W: But nothing has ever gone wrong that way yet…
Turing’s responses reflect mainstream mathematical thought and practice, rather than showing his distinctive characteristics and original ideas. In 1938, it should be noted, he was an untenured research fellow whose first application for a lectureship had failed, and whose chance of a conventional career lay in the mathematics studied and taught at Cambridge. His work in logic was but a part of his output, by no means well known. His Fellowship was for work in probability theory; his papers were in analysis and algebra. That year, he made a significant step in the analysis of the Riemann zeta-function, a topic in complex analysis and number theory at the heart of classical pure mathematics.

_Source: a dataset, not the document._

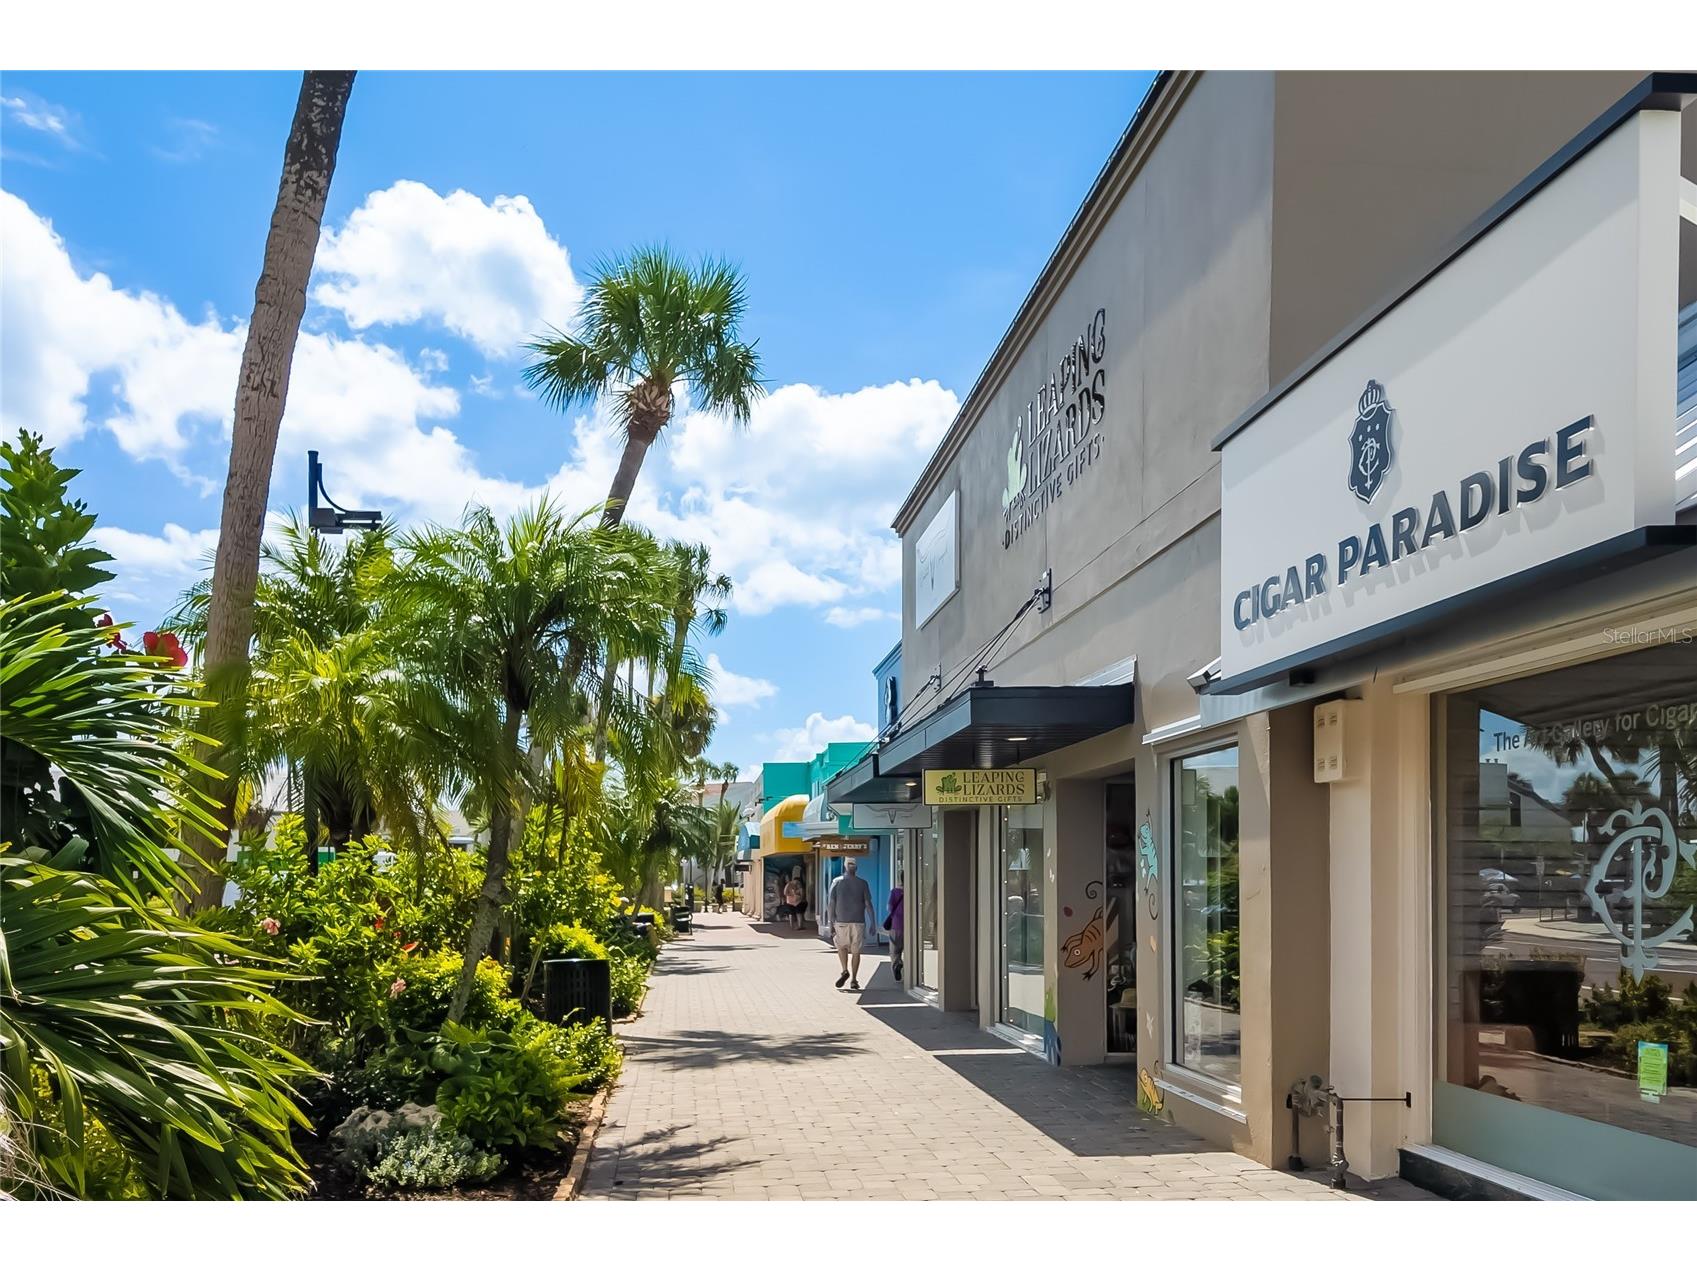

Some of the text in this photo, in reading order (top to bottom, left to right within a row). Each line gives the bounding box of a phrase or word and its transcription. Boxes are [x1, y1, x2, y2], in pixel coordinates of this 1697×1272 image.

Getting statements free from contradictions is the very essence of mathematics. Turing perhaps thought Wittgenstein did not take seriously enough the unobvious and difficult questions that had arisen in the attempt to formalize mathematics; Wittgenstein thought Turing did not take seriously the question of why one should want to formalize mathematics at all.

There are no letters or notes which indicate subsequent contact between Turing and Wittgenstein, and no evidence that Wittgenstein influenced Turing’s concept of machines or mind. If influence in the next ten years is sought, it should be found in the Second World War and Turing’s amazing part in it.

[5] Systems of logic based on ordinals, Proc. Lond. Math. Soc (2) 45 pp 161-228 (1939).
This was also Turing’s Princeton Ph.D. thesis (1938). (See also the Bibliography on this site.)
[6] C. Diamond (ed.) Wittgenstein’s Lectures on the Foundations of Mathematics (Harvester Prerss, 1976). The quoted dialogue is extracted from lectures 21 and 22.